Some great comedies expose an unexpected truth; others merely tear down an artifice. David Wain and Michael Showalter are clearly better at the second type. These veterans of the sketch comedy TV show “The State” made a cult sensation out of Wet Hot American Summer by lampooning the absurdly rigorous tropes of summer camp comedies, turning what little heart could be found in the various Meatballs sequels into the mere fluff that pumps up one ludicrous reversal after another. And although they have made several movies since, they have never entirely recaptured the inspired mania of that early, overly critical analysis of a movie genre that never warranted that much attention in the first place.

Until now, of course, but fans of Wet Hot American Summer may feel alienated by They Came Together, a vicious send-up of bourgeois rom-coms like You’ve Got Mail and the collected works of Garry Marshall. To enjoy They Came Together one must enter the theater with enough love for romantic comedies that you’ll recognize every single stupidly detailed reference to them, but also enough disdain that you want to see them vivisected by morbidly funny forensic scientists. Who exactly They Came Together was made for, besides Wain and Showalter themselves, is perhaps a little something of a mystery, but if you find yourself on their highly specific wavelength it’s a truly biting satire, full of gut punches and belly laughs.

Molly (Amy Poehler) runs her own adorable little candy shop called “Upper Sweet Side.” Joel (Paul Rudd) works for a big corporate candy company that’s opening a store across the street. She’s adorably clumsy. He’s getting over a girlfriend who was sleeping with his rival at work. They meet at a costume party where they are both dressed as Ben Franklin and instantly hate each other because of reasons. They finally bond over their shared love of fiction books – just in general – and begin a courtship that’s absolutely insufferable and only marred by contrived turns of events.

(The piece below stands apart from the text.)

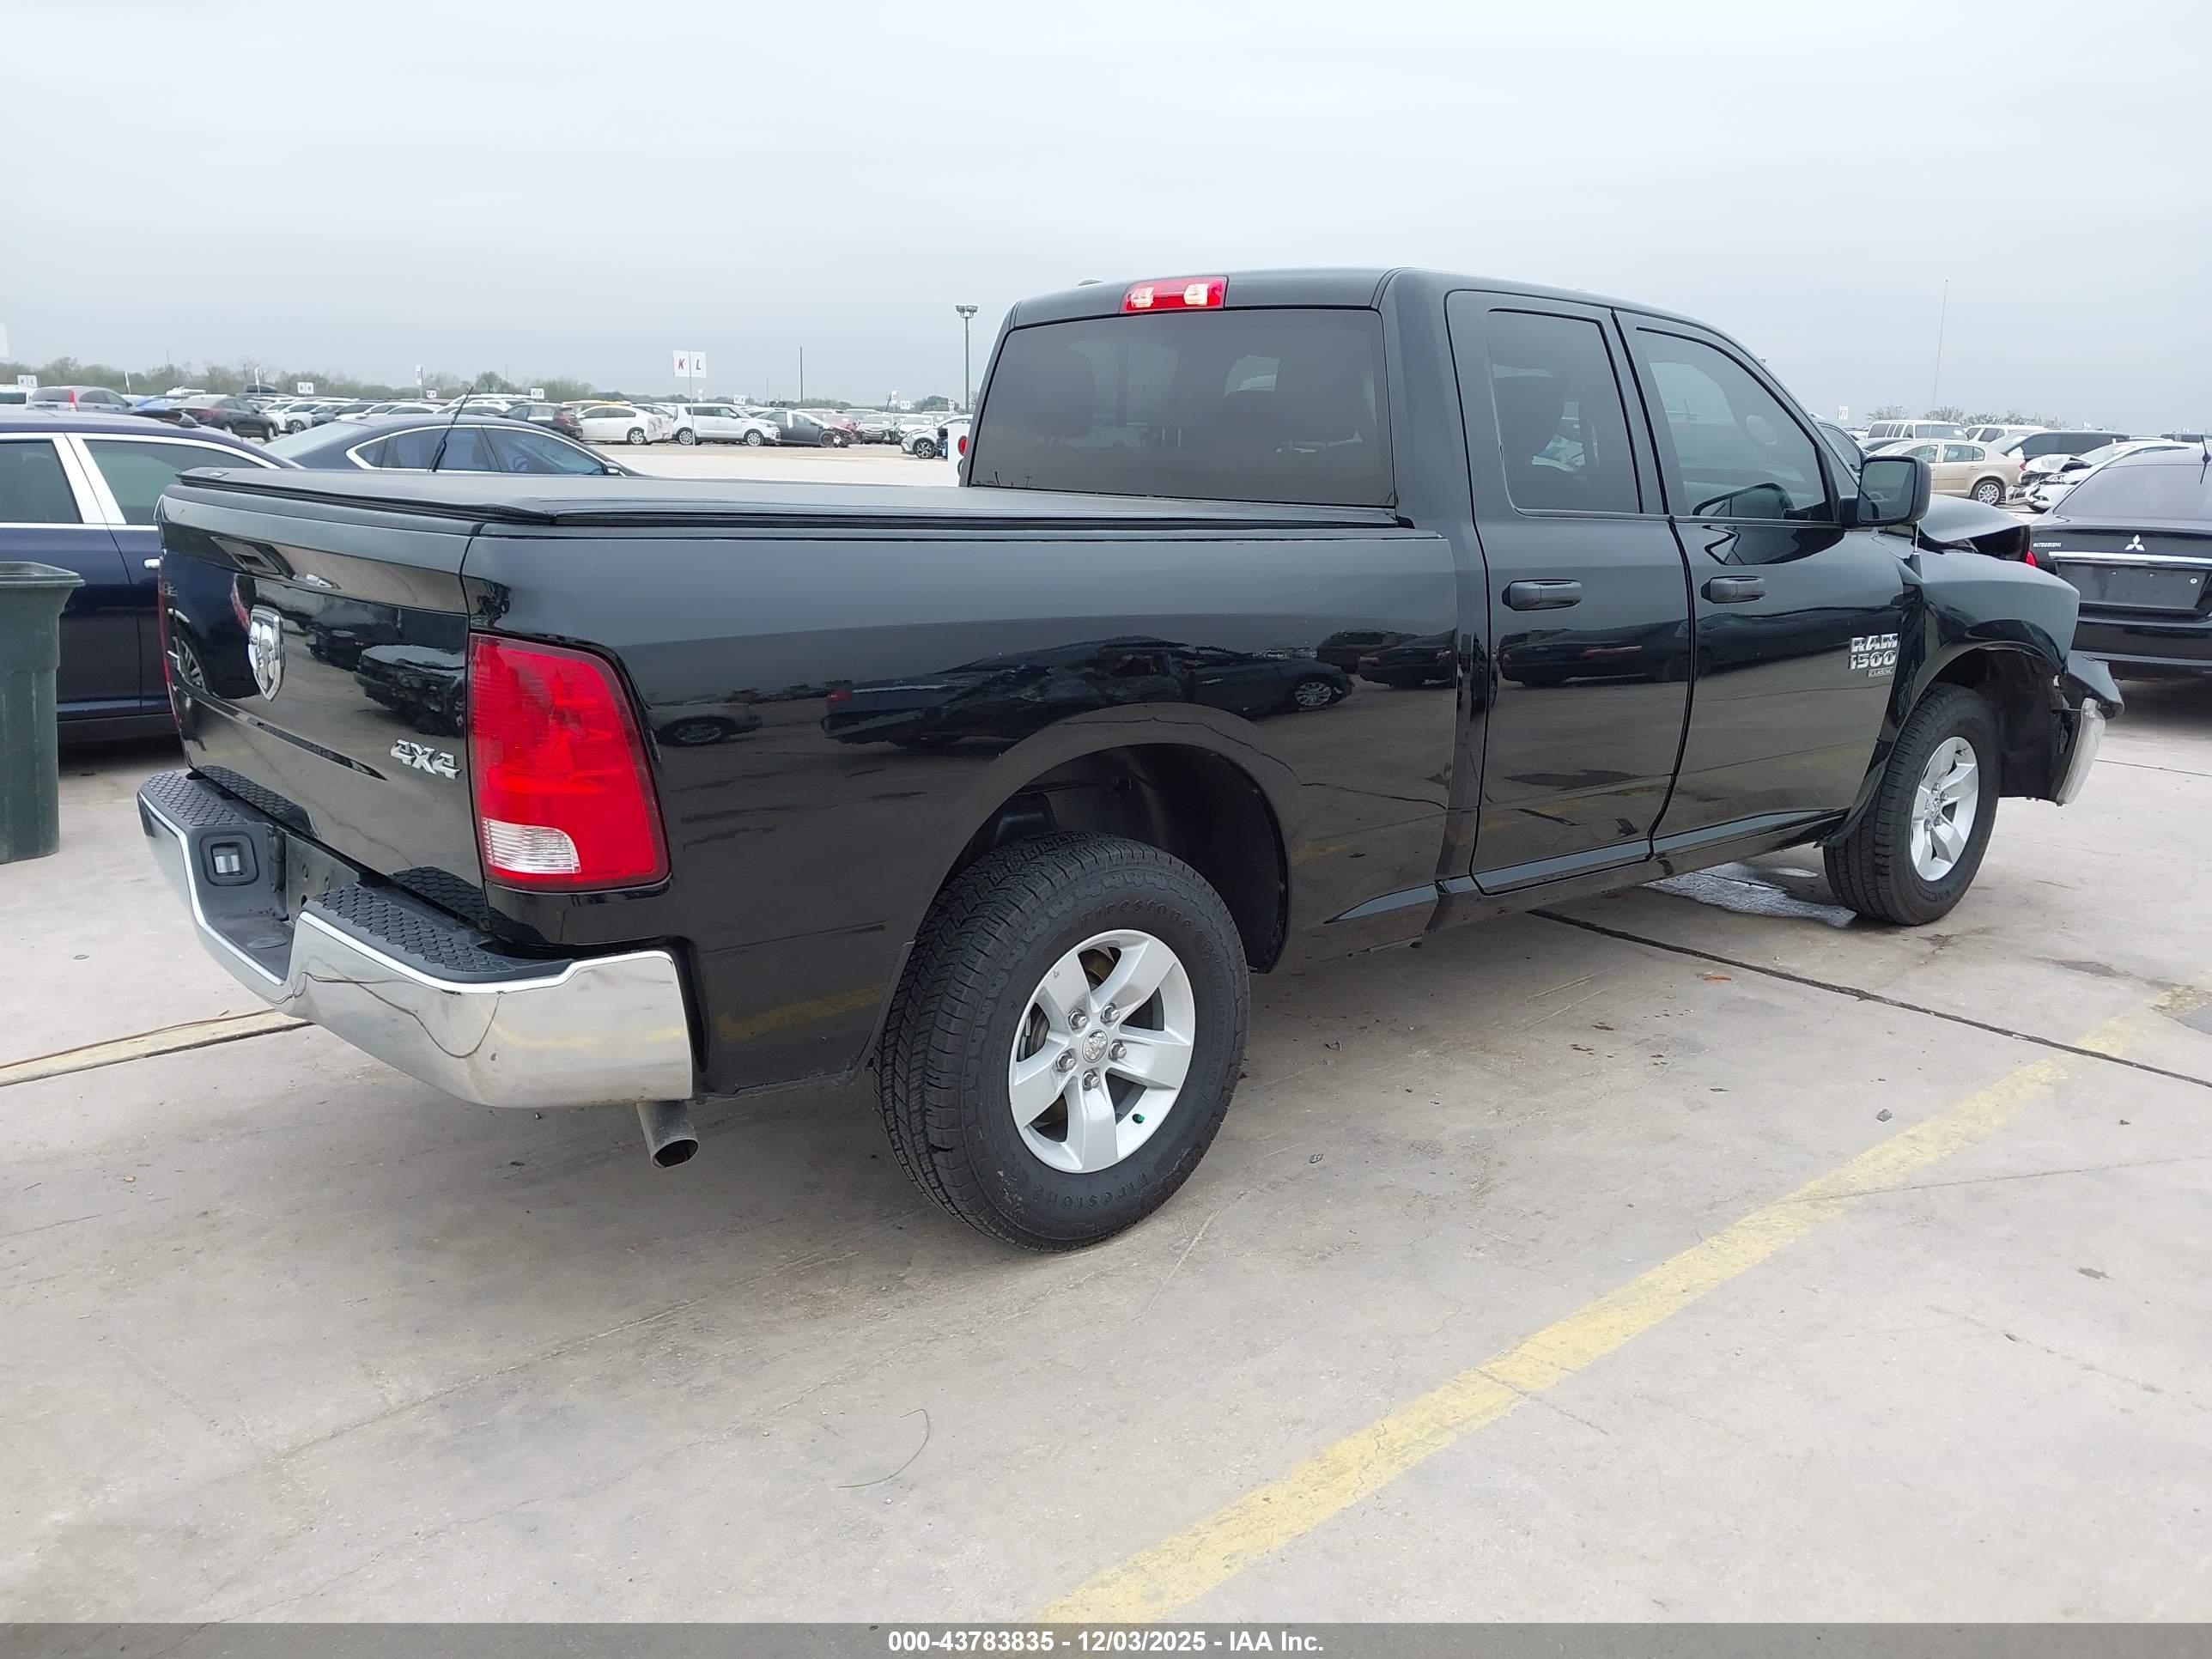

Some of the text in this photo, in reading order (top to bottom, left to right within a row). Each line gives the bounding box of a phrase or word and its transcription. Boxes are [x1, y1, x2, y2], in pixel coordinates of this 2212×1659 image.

Related: Watch an Exclusive Coffee Date from They Came Together



Dear god, what a formula. And to think, some audiences have sat through hundreds of these things. So have Wain and Showalter, clearly, since they tear through hundreds of familiar tropes while following them to the letter, resulting in a film that’s almost as shallow as the worst of the rom-coms they’re commenting about. Although the humor extends beyond metatext and into non sequitur surprise cameos, white supremacists, public pooping and incest, the point – and yes, there is one – is that emphasizing the quirks of these shallow honkies only distracts from the actual meaning of their actions, which come back into question by the end, justifying an otherwise unnecessary framing device which otherwise offers just enough exposition for people who don’t watch romantic comedies to understand what the hell is going on. 

But again, They Came Together was not made for those people. It was made for those who understand screenwriting so freakishly well that only a movie like They Came Together would appeal to them. And although I suspect Wain and Showalter’s script will become an “Exhibit A” in some film school or another very shortly, it’s such an in-joke that it’s bound to leave many audience members thinking that They Came Together is nothing more than an exercise in middle-class dopiness. Just like the films it seeks to destroy. The balance of meaningless shallowness and meaningful shallowness on display here is a special kind of brilliance but probably not very marketable. Fortunately if and when this movie does find its audience they are bound to be avid in their appreciation, and it wouldn’t surprise me at all if they started a new little cult of their own.